In der Stellungnahme der EKiR heißt es: „So verschweigt die Erklärung die massiven Menschenrechtsverletzungen und Kriegsverbrechen, die die Hamas verübt hat und nach wie vor verübt. Immer noch befinden sich israelische Geiseln in den Händen der Terroristen. Die Erklärung verschweigt die existenzielle Bedrohung, der sich der Staat Israel ausgesetzt sieht und die sich unter anderem in regelmäßigem Raketenbeschuss und im Atomwaffenprogramm des Iran manifestiert. Und sie verschweigt die Aktivitäten autonomer palästinensischer Milizen in den Flüchtlingslagern, die auch eine Bedrohung auch für palästinensische Zivilisten darstellen.“ Auch die in diesem Zusammenhang absurden Begrifflichkeiten „Apartheid“ und „Völkermord“ werden von der EKiR zurückgewiesen.
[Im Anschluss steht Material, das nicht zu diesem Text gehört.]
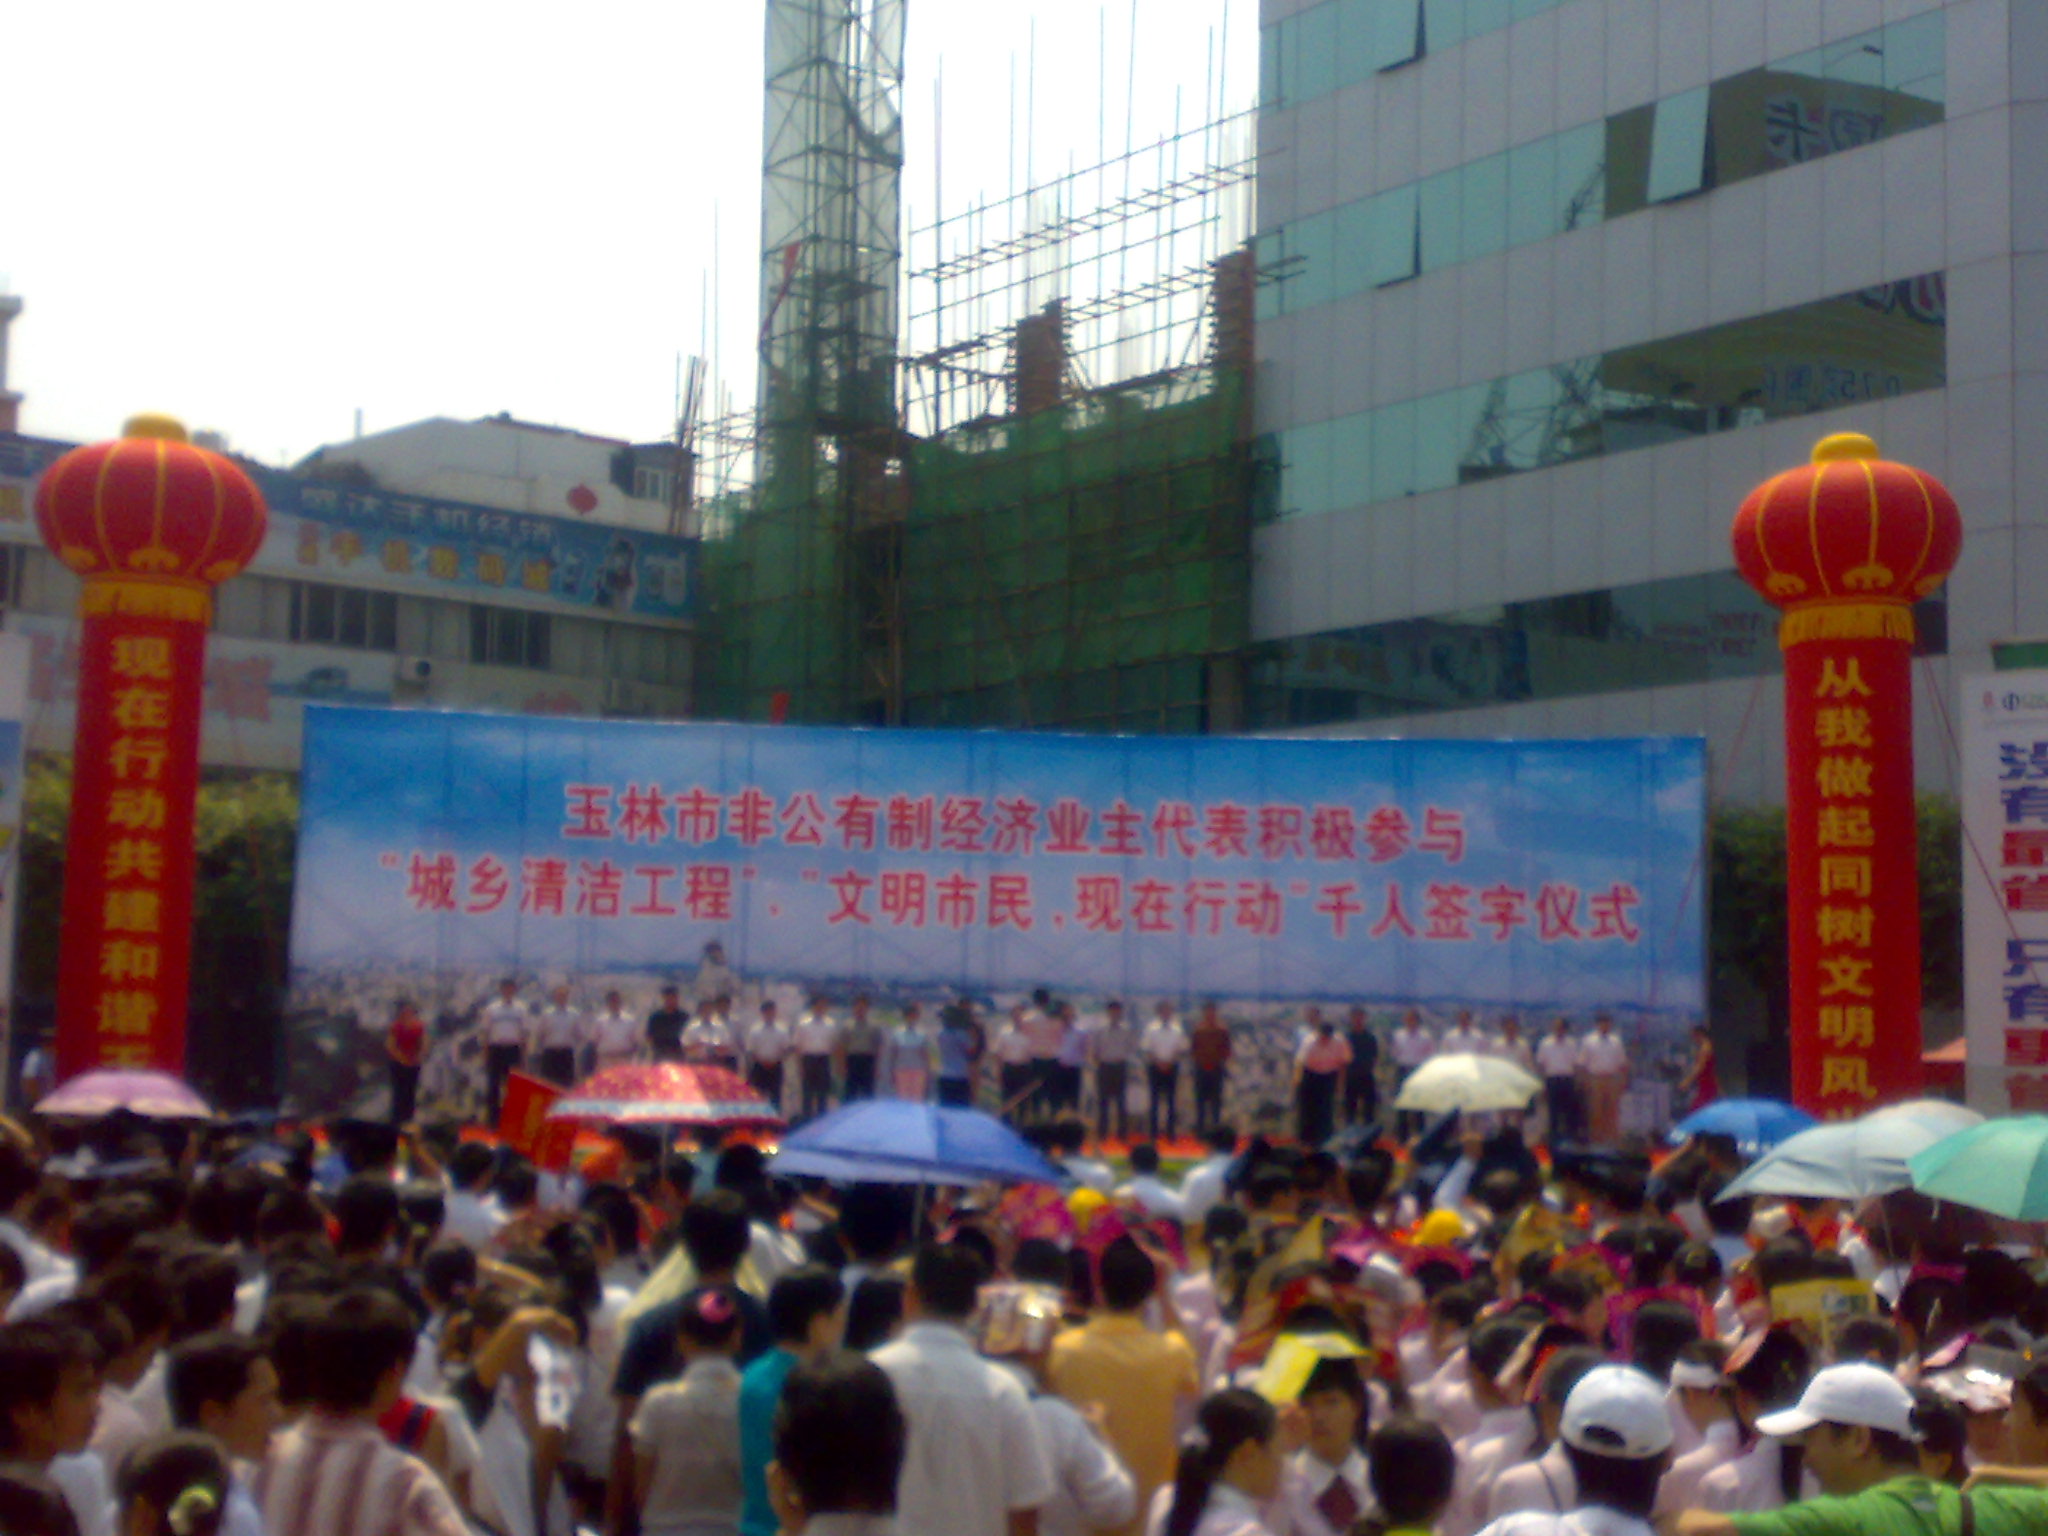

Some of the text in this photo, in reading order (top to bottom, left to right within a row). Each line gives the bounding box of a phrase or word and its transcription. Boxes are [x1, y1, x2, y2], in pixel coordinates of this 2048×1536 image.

Der ÖRK äußert sich nicht zum ersten Mal israelfeindlich und antizionistisch und folgt damit dem Beispiel linker, rechter und islamistischer Antisemiten. Gleichfalls macht sie sich in besagter Erklärung Boykottforderungen im Sinne der antiisraelischen BDS-Bewegung zu Eigen, die auf ein „Kauft nicht bei Juden!“ hinauslaufen. Der ÖRK klagt nicht die Mörderbanden an, die in unvorstellbarem Ausmaß geschändet und verstümmelt und das Baby Kfir Bibas mit bloßen Händen ermordet haben. Vielmehr greift er jene an, die solche unfassbare Barbarei nicht mehr hinnehmen. Dazu passt, wenn der derzeitige Vorsitzende des ÖRK, Heinrich Bedford-Strohm einen ausführlichen Post bei Facebook mit der Feststellung beendet, dass die Juden in aller Welt sich „wegen des Handelns der israelischen Regierung antisemitischen Angriffen ausgesetzt“ sähen. „Wegen“ – lässt das die Schlussfolgerung zu, die Juden seien wieder einmal „selbst schuld“ am Hass gegen sie?

Täter-Opfer-Umkehr

Der Weltkirchenrat muss sich fragen lassen, warum er mitten im Bonhoeffer-Jahr gerade nicht für die Juden schreit, sondern sich der Täter-Opfer-Umkehr anschließt. Ja, es gibt furchtbares Leid, auch in Israel und besonders in Gaza. Die dafür Verantwortlichen aber sind vor allem unter jenen zu suchen, die aus religiösen Gründen den Tod feiern und nicht eher ruhen wollen, bis Israel von der Landkarte getilgt ist. Sie könnten ansonsten das Leid noch heute beenden. Sollen diese etwa Partner für eine vom Westen erdachte „Zweistaatenlösung“ werden?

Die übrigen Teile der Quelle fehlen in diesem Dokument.